Established big hitters in competition that same year included Satyajit Ray (Goopy Gyne Bagha Byne), Carlo Saura (Honeycomb), Rainer Werner Fassbinder (Love Is Colder Than Death), Elio Petri (A Quiet Place In The Country), John Schlesinger (Midnight Cowboy) John-Luc Godard (Joy Of Learning), and Pier Paolo Pasolini, Bernardo Bertolucci, Godard, Marco Bellocchio and Carlo Lizzani with anthology film Love and Anger.

Fifty-four years on, industry professionals are questioning whether the Berlinale still has the power to draw the biggest names. This year’s lineup includes multiple well-received movies, some happy discoveries and it has been a starrier affair than the last few, but Cannes and Venice now seem to exist in a different stratosphere.

The festival wraps its 74th edition tomorrow and with Carlo Chatrian and Mariette Rissenbeek bowing out after six years at the helm, the industry is hoping incoming Director Tricia Tuttle, the former head of the BFI London Film Festival, will bring some needed pop to the selection.

Programming Woes

The festival has a devoted public fan-base. It remains one of the world’s best attended, drawing in around half a million admissions every year.
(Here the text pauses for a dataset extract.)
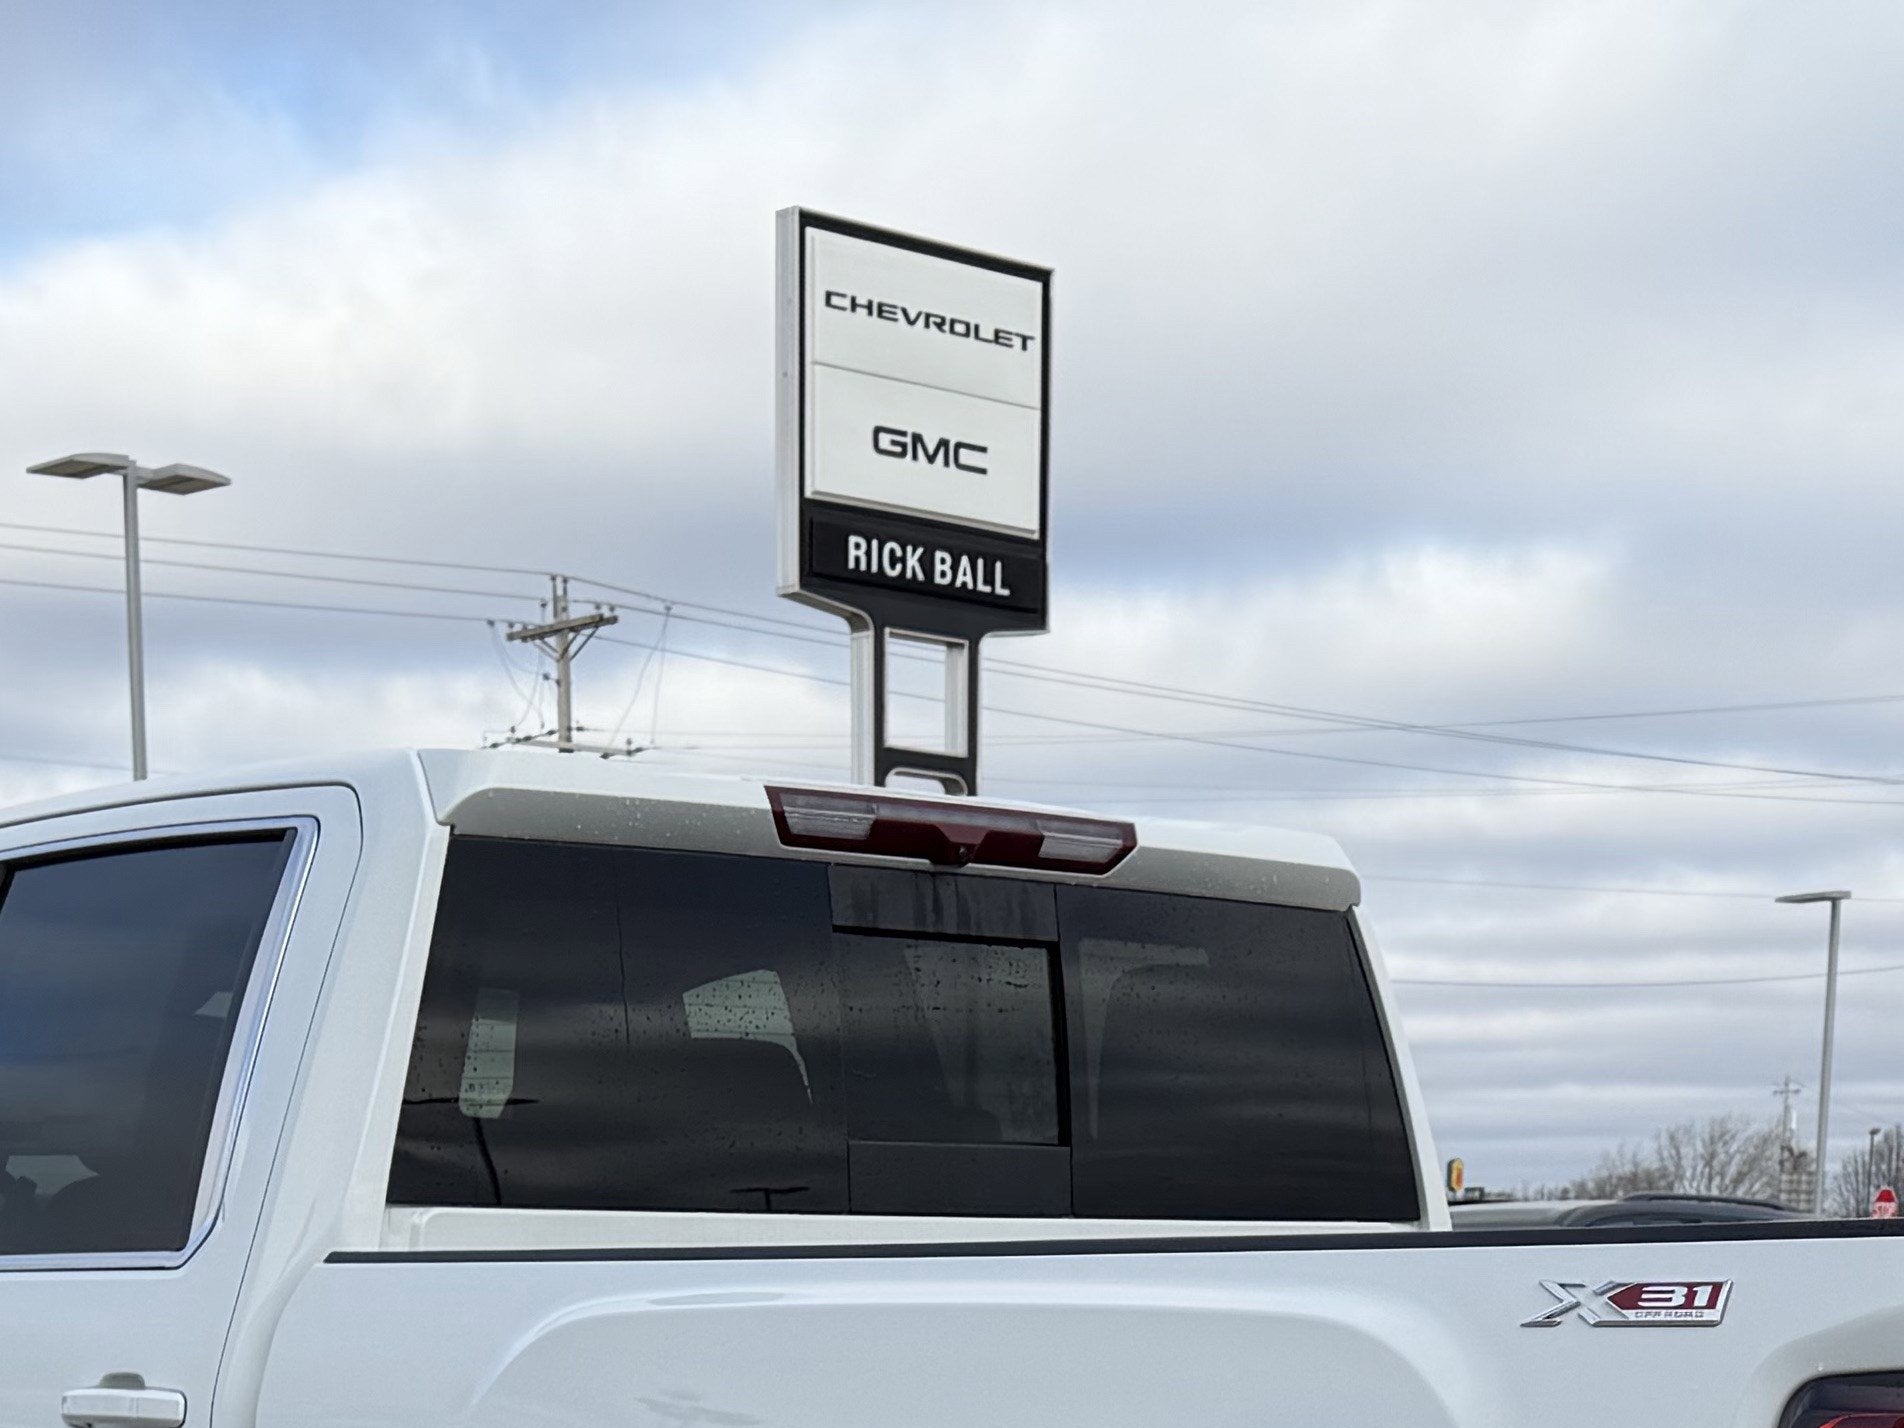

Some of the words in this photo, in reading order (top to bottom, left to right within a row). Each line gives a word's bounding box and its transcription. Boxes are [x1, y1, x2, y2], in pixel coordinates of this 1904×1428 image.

[824, 289, 1036, 352] CHEVROLET
[871, 424, 989, 476] GMC
[847, 534, 926, 583] RICK
[933, 549, 1012, 598] BALL
Chatrian himself has a loyal following among hardcore arthouse fans, but sales and distribution professionals have been less impressed, saying the selection has veered too far from the market and the types of indie films that stand a chance in cinemas.
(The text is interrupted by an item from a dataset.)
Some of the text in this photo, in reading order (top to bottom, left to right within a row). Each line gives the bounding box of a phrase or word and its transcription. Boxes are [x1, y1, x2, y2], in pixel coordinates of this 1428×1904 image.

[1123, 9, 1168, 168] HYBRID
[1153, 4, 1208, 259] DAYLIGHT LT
“We need the bigger titles. Cinema is also about entertainment. If the festival becomes purely an arthouse criticism show that doesn’t help the market,” said one well known international sales agent, with a mix of arthouse and mainstream movies on their slate.

“You did hear people say, ‘Carlo needs to remember he’s in Berlin and not Locarno’,” one leading European publicist told Deadline, referring to Chatrian’s previous role as Artistic Director of Locarno Film Festival, known for its arthouse selection and openness to more avant-garde fare.

There are expectations that Tuttle will restructure parts of the program with a big question mark hanging over the Encounters sidebar introduced by Chatrian in 2020. Loosely Berlin’s answer to Cannes’ Un Certain Regard or Venice’s Horizons, few in the business – on either the indie arthouse or commercial sides – think it works as a place to showcase a film.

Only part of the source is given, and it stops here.